- [What is required]
Return the entries verbatim and drop every picture.

- [Data excerpts]
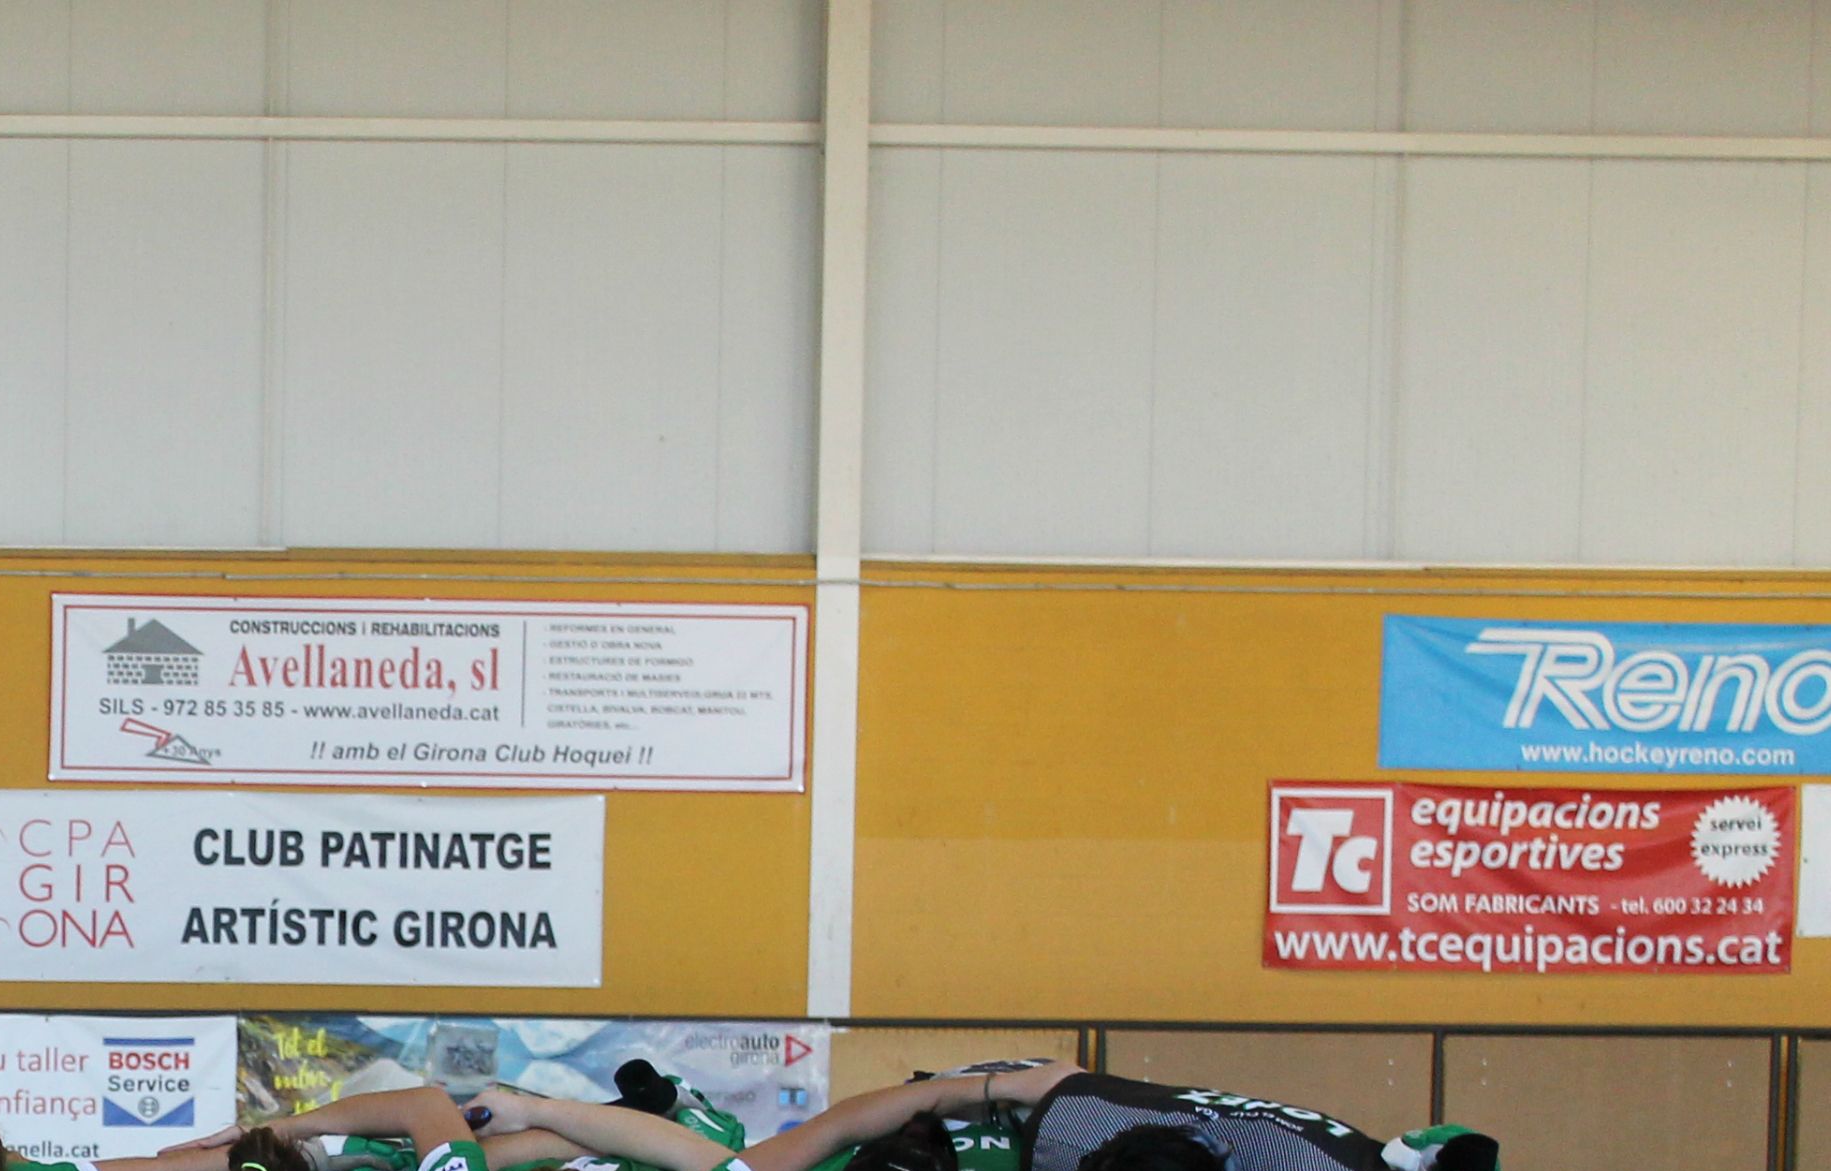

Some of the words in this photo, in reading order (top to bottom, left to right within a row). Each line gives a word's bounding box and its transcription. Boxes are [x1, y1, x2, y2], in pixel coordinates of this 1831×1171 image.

[230, 620, 357, 636] CONSTRUCCIONS
[371, 622, 500, 638] REHABILITACIONS
[228, 643, 456, 696] Avellaneda,
[470, 647, 499, 691] sl
[1465, 627, 1831, 736] Reno
[98, 698, 144, 716] SILS
[163, 699, 197, 717] 972
[203, 700, 228, 718] 85
[233, 700, 258, 718] 35
[262, 701, 286, 718] 85
[303, 703, 499, 722] www.avellaneda.cat
[332, 743, 379, 762] amb
[387, 743, 406, 761] el
[413, 744, 487, 763] Girona
[494, 744, 546, 764] Club
[552, 745, 633, 767] Hoquei
[1520, 740, 1794, 768] www.hockeyreno.com
[1410, 792, 1661, 836] equipacions
[1709, 816, 1763, 832] servei
[192, 827, 304, 867] CLUB
[319, 830, 553, 870] PATINATGE
[1286, 808, 1378, 893] Tc
[1410, 836, 1625, 877] esportives
[1698, 842, 1769, 860] express
[1407, 892, 1458, 913] SOM
[1464, 892, 1600, 915] FABRICANTS
[1621, 896, 1649, 915] tel.
[1716, 897, 1738, 915] 24
[181, 899, 379, 946] ARTÍSTIC
[392, 907, 558, 949] GIRONA
[1273, 925, 1783, 973] www.tcequipacions.cat
[18, 1047, 90, 1073] taller
[108, 1051, 190, 1071] BOSCH
[108, 1075, 191, 1093] Service

- [The completed task]
Some of the words in this photo, in reading order (top to bottom, left to right within a row). Each line gives a word's bounding box and its transcription. Boxes are [x1, y1, x2, y2], in pixel coordinates of this 1831×1171 image.

[230, 620, 357, 636] CONSTRUCCIONS
[371, 622, 500, 638] REHABILITACIONS
[228, 643, 456, 696] Avellaneda,
[470, 647, 499, 691] sl
[1465, 627, 1831, 736] Reno
[98, 698, 144, 716] SILS
[163, 699, 197, 717] 972
[203, 700, 228, 718] 85
[233, 700, 258, 718] 35
[262, 701, 286, 718] 85
[303, 703, 499, 722] www.avellaneda.cat
[332, 743, 379, 762] amb
[387, 743, 406, 761] el
[413, 744, 487, 763] Girona
[494, 744, 546, 764] Club
[552, 745, 633, 767] Hoquei
[1520, 740, 1794, 768] www.hockeyreno.com
[1410, 792, 1661, 836] equipacions
[1709, 816, 1763, 832] servei
[192, 827, 304, 867] CLUB
[319, 830, 553, 870] PATINATGE
[1286, 808, 1378, 893] Tc
[1410, 836, 1625, 877] esportives
[1698, 842, 1769, 860] express
[1407, 892, 1458, 913] SOM
[1464, 892, 1600, 915] FABRICANTS
[1621, 896, 1649, 915] tel.
[1716, 897, 1738, 915] 24
[181, 899, 379, 946] ARTÍSTIC
[392, 907, 558, 949] GIRONA
[1273, 925, 1783, 973] www.tcequipacions.cat
[18, 1047, 90, 1073] taller
[108, 1051, 190, 1071] BOSCH
[108, 1075, 191, 1093] Service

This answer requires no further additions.